Entries provided |
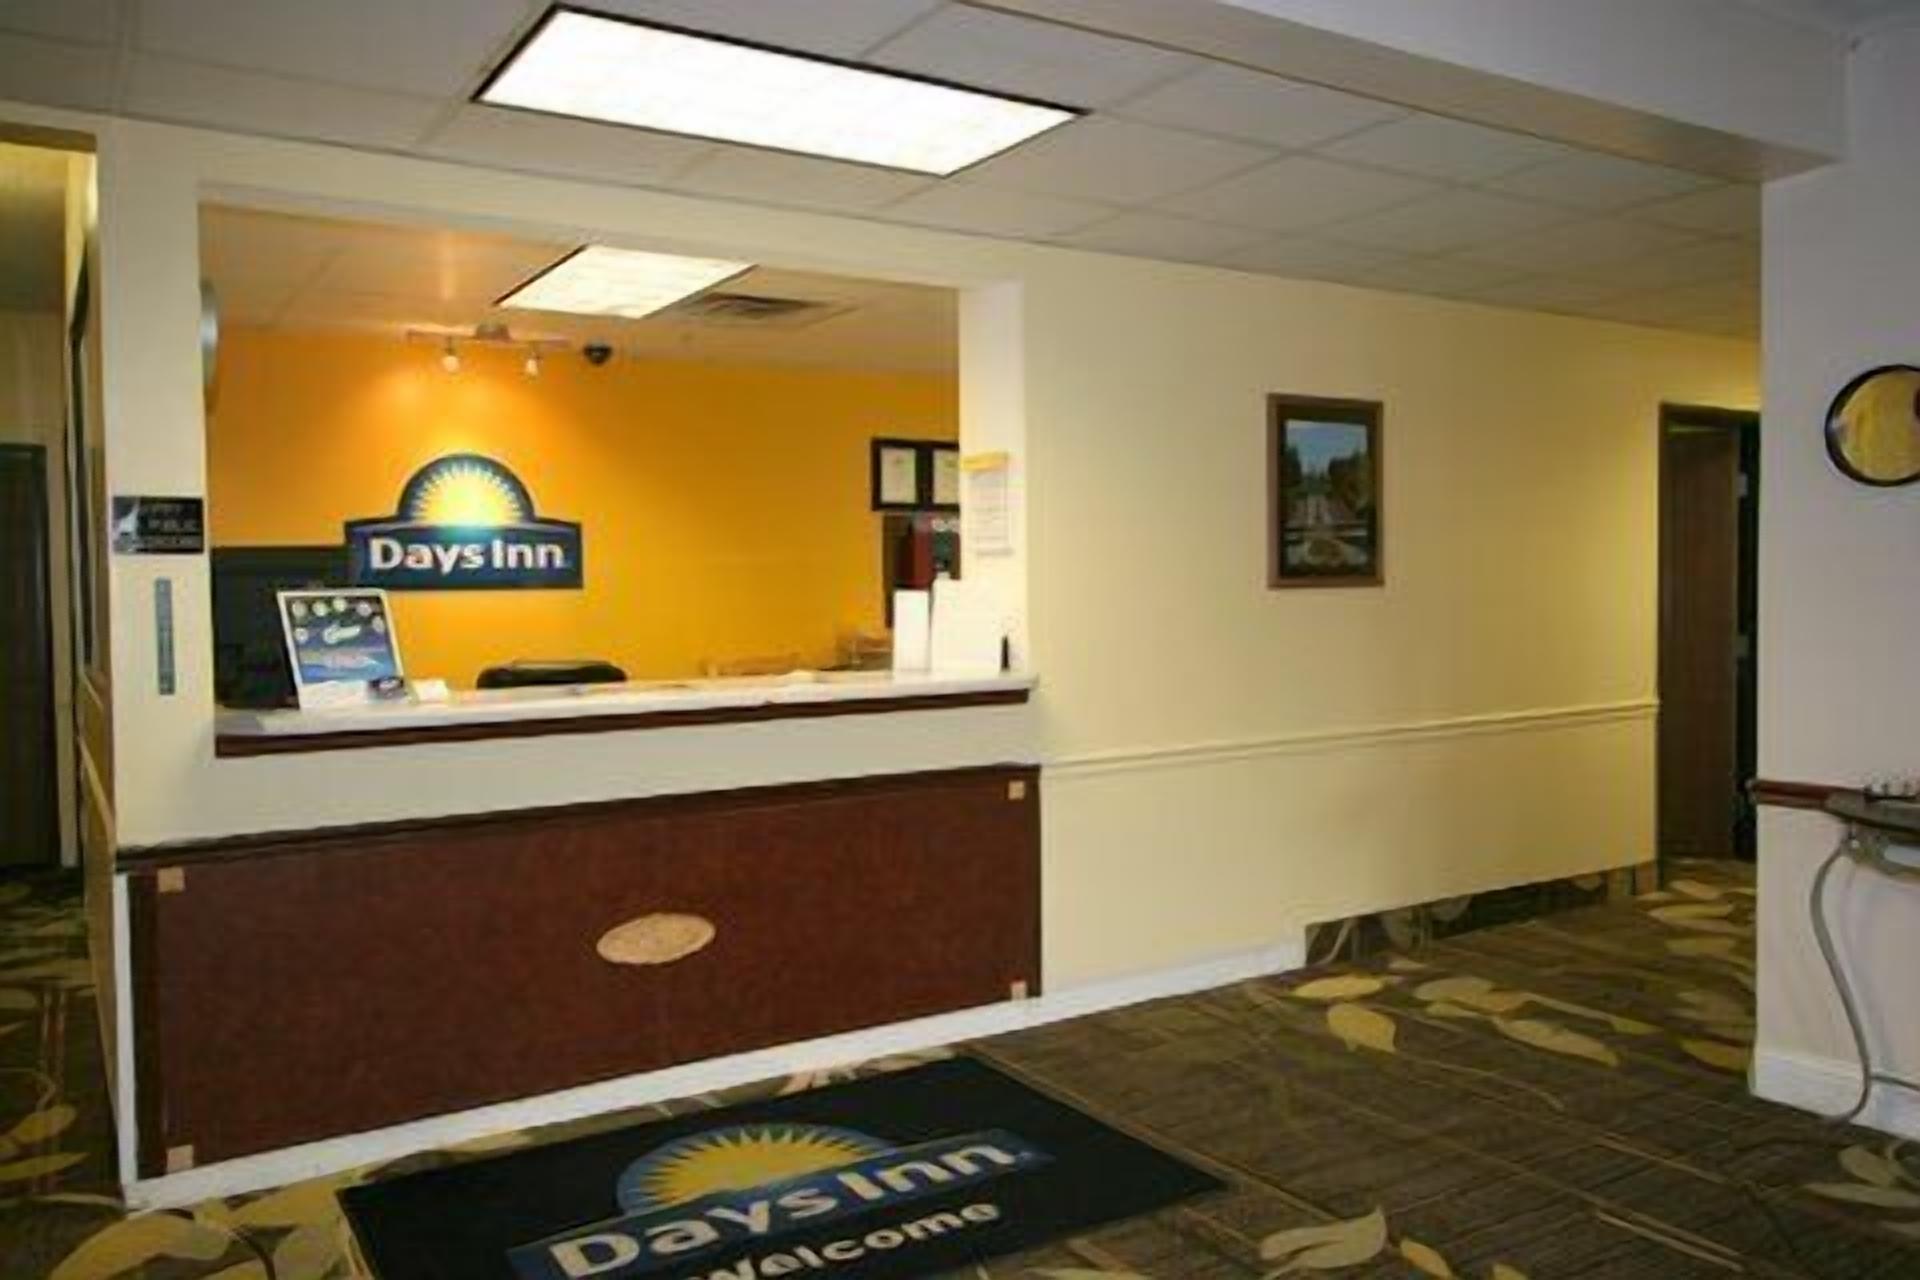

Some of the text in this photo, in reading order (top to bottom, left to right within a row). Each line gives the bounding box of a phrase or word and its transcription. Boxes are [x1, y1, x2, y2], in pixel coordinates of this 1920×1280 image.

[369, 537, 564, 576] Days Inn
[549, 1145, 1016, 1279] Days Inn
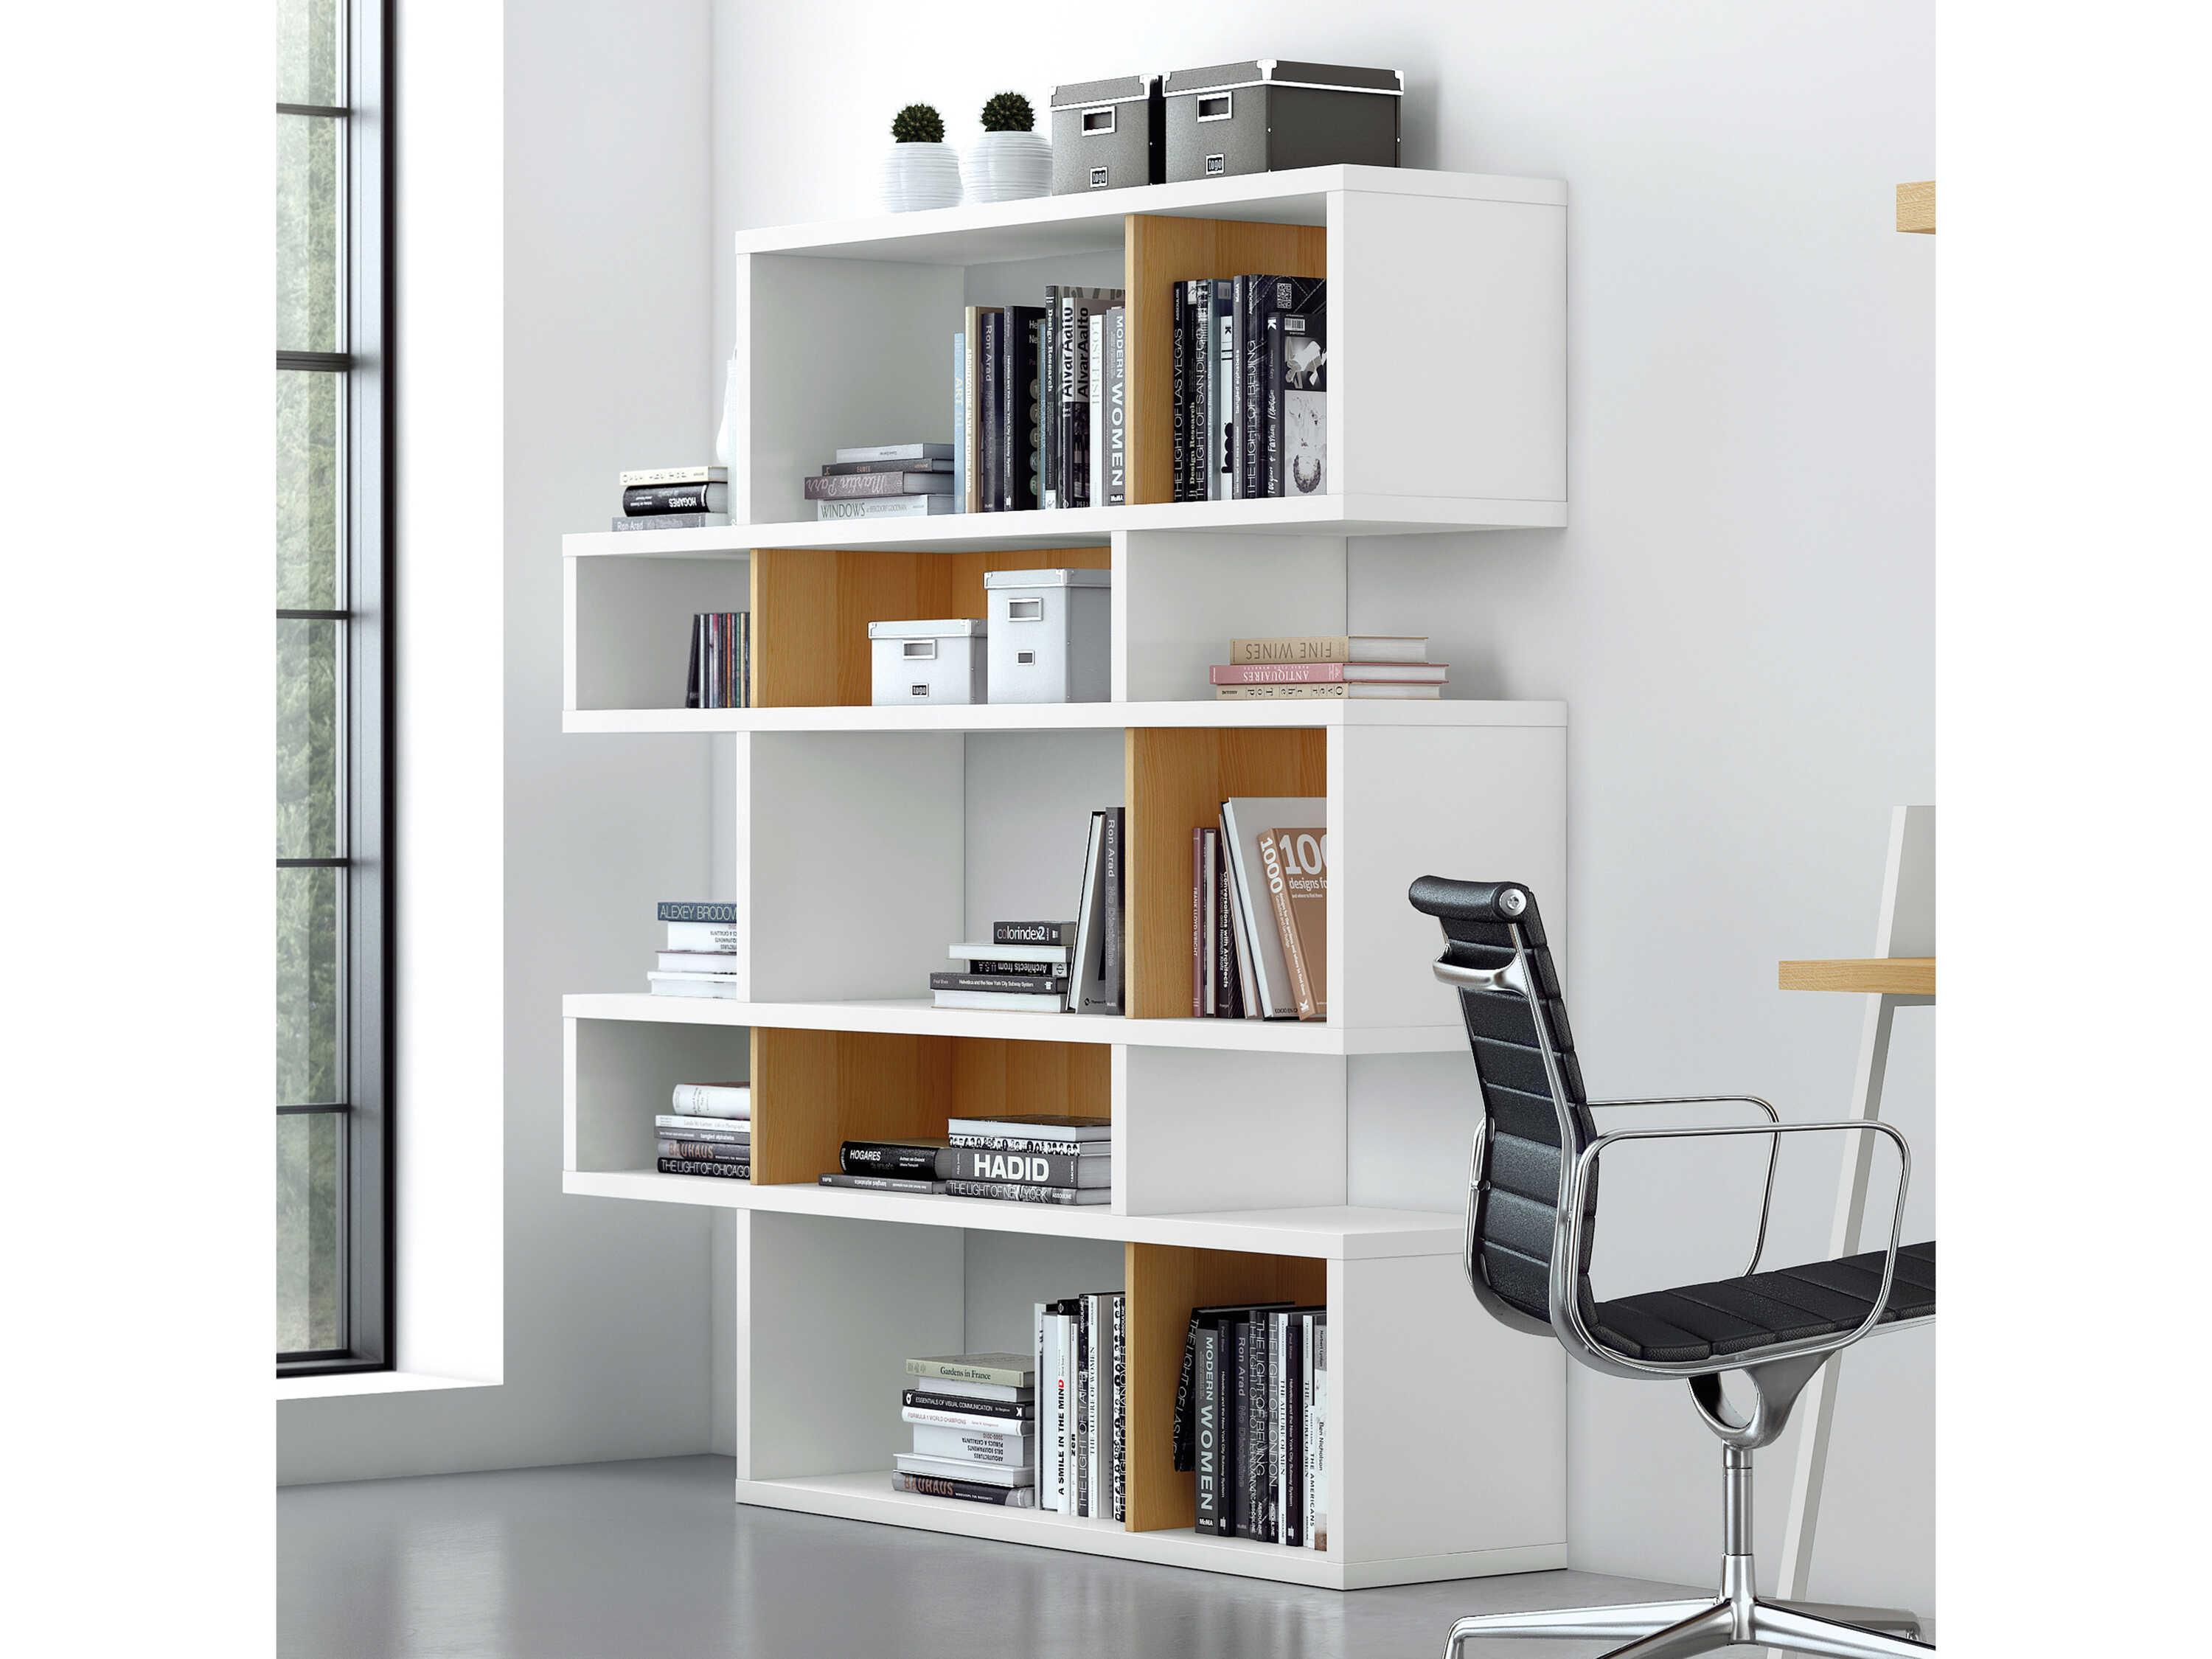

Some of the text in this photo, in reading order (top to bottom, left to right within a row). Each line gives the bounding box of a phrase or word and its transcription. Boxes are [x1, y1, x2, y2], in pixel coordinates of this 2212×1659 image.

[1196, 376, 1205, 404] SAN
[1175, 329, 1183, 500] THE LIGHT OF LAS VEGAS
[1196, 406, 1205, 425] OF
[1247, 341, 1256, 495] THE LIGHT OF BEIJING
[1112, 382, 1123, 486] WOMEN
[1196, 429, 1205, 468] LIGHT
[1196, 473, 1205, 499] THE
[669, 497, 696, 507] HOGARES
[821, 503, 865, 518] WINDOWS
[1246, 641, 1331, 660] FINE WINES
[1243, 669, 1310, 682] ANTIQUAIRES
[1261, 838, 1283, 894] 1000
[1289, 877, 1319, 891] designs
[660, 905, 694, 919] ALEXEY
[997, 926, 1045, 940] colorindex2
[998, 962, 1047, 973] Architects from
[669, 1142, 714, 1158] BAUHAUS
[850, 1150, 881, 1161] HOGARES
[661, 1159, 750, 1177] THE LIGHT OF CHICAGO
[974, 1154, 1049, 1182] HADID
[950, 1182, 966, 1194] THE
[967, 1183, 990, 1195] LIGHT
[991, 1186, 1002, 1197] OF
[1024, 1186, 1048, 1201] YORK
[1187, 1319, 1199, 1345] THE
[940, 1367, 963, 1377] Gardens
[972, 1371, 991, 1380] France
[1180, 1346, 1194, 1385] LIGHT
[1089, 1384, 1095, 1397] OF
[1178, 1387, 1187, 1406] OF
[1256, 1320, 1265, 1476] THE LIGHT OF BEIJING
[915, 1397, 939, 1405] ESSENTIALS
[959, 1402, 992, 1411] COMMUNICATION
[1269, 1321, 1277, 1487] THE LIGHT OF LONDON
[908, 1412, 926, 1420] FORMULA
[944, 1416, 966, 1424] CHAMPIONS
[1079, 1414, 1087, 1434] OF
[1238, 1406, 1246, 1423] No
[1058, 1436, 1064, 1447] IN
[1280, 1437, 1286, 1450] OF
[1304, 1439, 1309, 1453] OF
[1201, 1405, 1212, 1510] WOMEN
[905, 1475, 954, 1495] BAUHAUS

Your assignment | Would you restate the records above word for word and exclude the pictures?

Task output |
Some of the text in this photo, in reading order (top to bottom, left to right within a row). Each line gives the bounding box of a phrase or word and its transcription. Boxes are [x1, y1, x2, y2], in pixel coordinates of this 1920×1280 image.

[369, 537, 564, 576] Days Inn
[549, 1145, 1016, 1279] Days Inn

Some of the text in this photo, in reading order (top to bottom, left to right within a row). Each line gives the bounding box of a phrase or word and its transcription. Boxes are [x1, y1, x2, y2], in pixel coordinates of this 2212×1659 image.

[1196, 376, 1205, 404] SAN
[1175, 329, 1183, 500] THE LIGHT OF LAS VEGAS
[1196, 406, 1205, 425] OF
[1247, 341, 1256, 495] THE LIGHT OF BEIJING
[1112, 382, 1123, 486] WOMEN
[1196, 429, 1205, 468] LIGHT
[1196, 473, 1205, 499] THE
[669, 497, 696, 507] HOGARES
[821, 503, 865, 518] WINDOWS
[1246, 641, 1331, 660] FINE WINES
[1243, 669, 1310, 682] ANTIQUAIRES
[1261, 838, 1283, 894] 1000
[1289, 877, 1319, 891] designs
[660, 905, 694, 919] ALEXEY
[997, 926, 1045, 940] colorindex2
[998, 962, 1047, 973] Architects from
[669, 1142, 714, 1158] BAUHAUS
[850, 1150, 881, 1161] HOGARES
[661, 1159, 750, 1177] THE LIGHT OF CHICAGO
[974, 1154, 1049, 1182] HADID
[950, 1182, 966, 1194] THE
[967, 1183, 990, 1195] LIGHT
[991, 1186, 1002, 1197] OF
[1024, 1186, 1048, 1201] YORK
[1187, 1319, 1199, 1345] THE
[940, 1367, 963, 1377] Gardens
[972, 1371, 991, 1380] France
[1180, 1346, 1194, 1385] LIGHT
[1089, 1384, 1095, 1397] OF
[1178, 1387, 1187, 1406] OF
[1256, 1320, 1265, 1476] THE LIGHT OF BEIJING
[915, 1397, 939, 1405] ESSENTIALS
[959, 1402, 992, 1411] COMMUNICATION
[1269, 1321, 1277, 1487] THE LIGHT OF LONDON
[908, 1412, 926, 1420] FORMULA
[944, 1416, 966, 1424] CHAMPIONS
[1079, 1414, 1087, 1434] OF
[1238, 1406, 1246, 1423] No
[1058, 1436, 1064, 1447] IN
[1280, 1437, 1286, 1450] OF
[1304, 1439, 1309, 1453] OF
[1201, 1405, 1212, 1510] WOMEN
[905, 1475, 954, 1495] BAUHAUS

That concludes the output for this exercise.